Rina, seorang mahasiswa arsitektur, tertarik untuk mengangkat rumah tua itu sebagai bahan skripsinya. Bersama dua temannya, Dito dan Sari, ia memutuskan untuk menyelidikinya lebih dalam.
"Aku udah tanya ke warga sekitar, katanya rumah itu kosong sejak tahun 1985," ujar Rina sambil membolak-balik catatannya.
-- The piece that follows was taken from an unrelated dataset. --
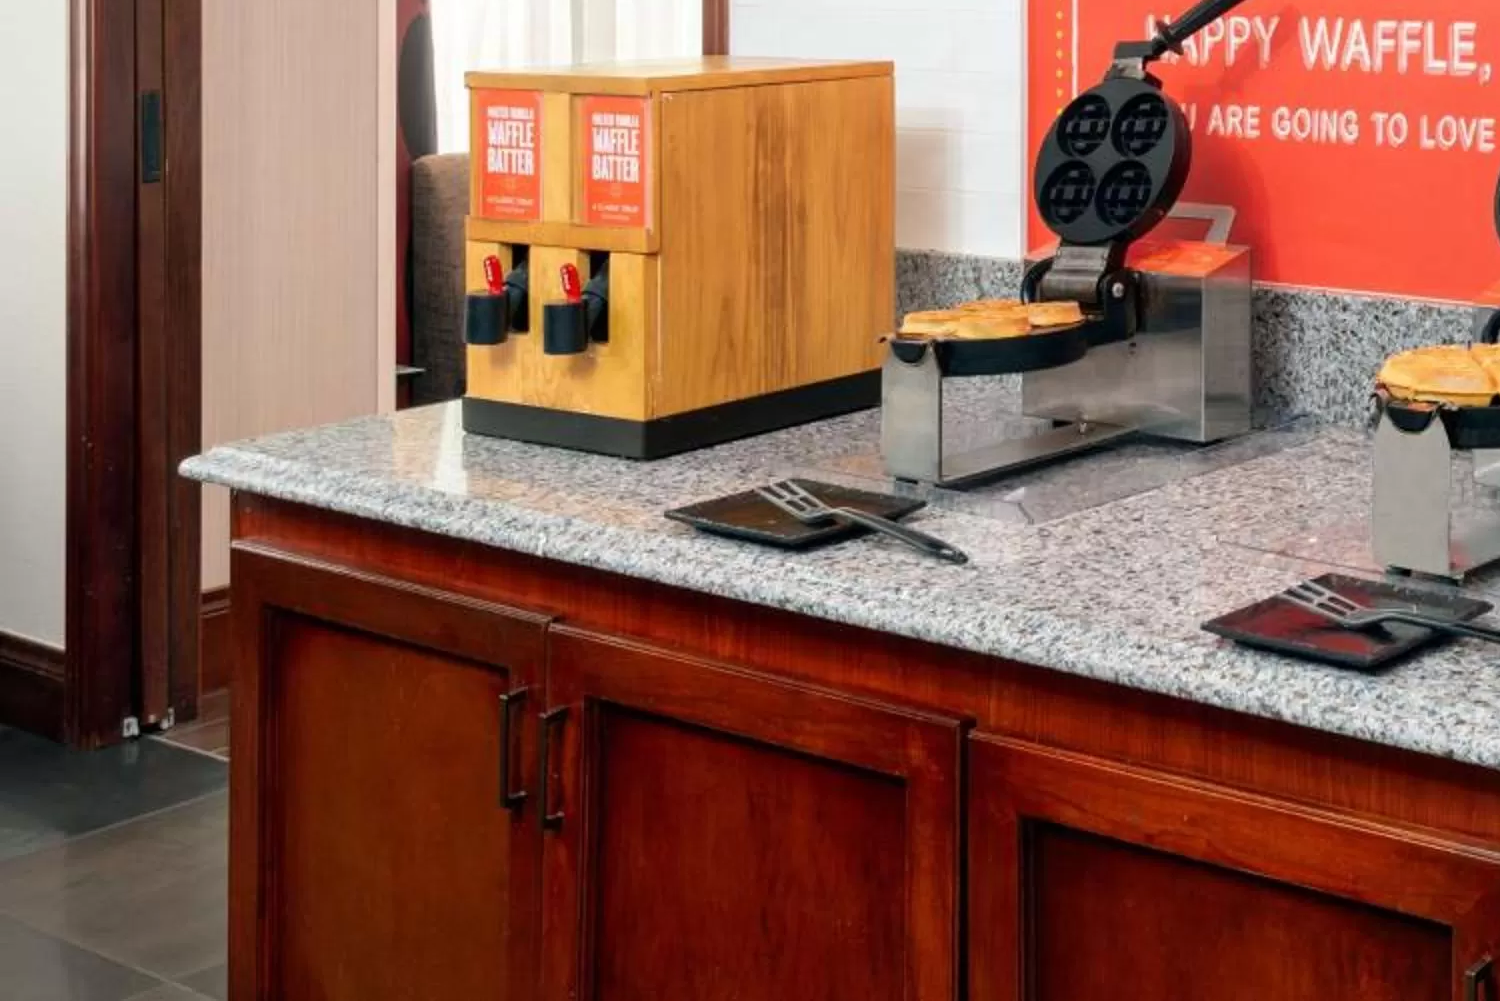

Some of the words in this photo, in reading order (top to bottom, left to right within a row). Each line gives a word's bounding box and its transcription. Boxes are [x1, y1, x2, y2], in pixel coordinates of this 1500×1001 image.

"Tahun segitu? Wah, berarti udah lebih dari tiga dekade!" sahut Dito takjub. "Pasti banyak cerita seramnya."
"Justru itu yang bikin menarik," kata Sari sambil tersenyum miring. "Misteri pintu yang nggak bisa dibuka itu lho."
Mereka akhirnya tiba di rumah tua itu pada sore hari. Angin semilir menerbangkan daun-daun kering di halaman depan. Bangunan besar dengan jendela-jendela kayu tua tampak berdiri membisu. Pintu depan berderit saat mereka dorong masuk.
Begitu mereka melangkah masuk, udara dingin seolah menyambut. Aroma apek dan tanah basah langsung menusuk hidung. Ruang tamu penuh dengan perabot tua berdebu, namun tak ada tanda-tanda kerusakan besar.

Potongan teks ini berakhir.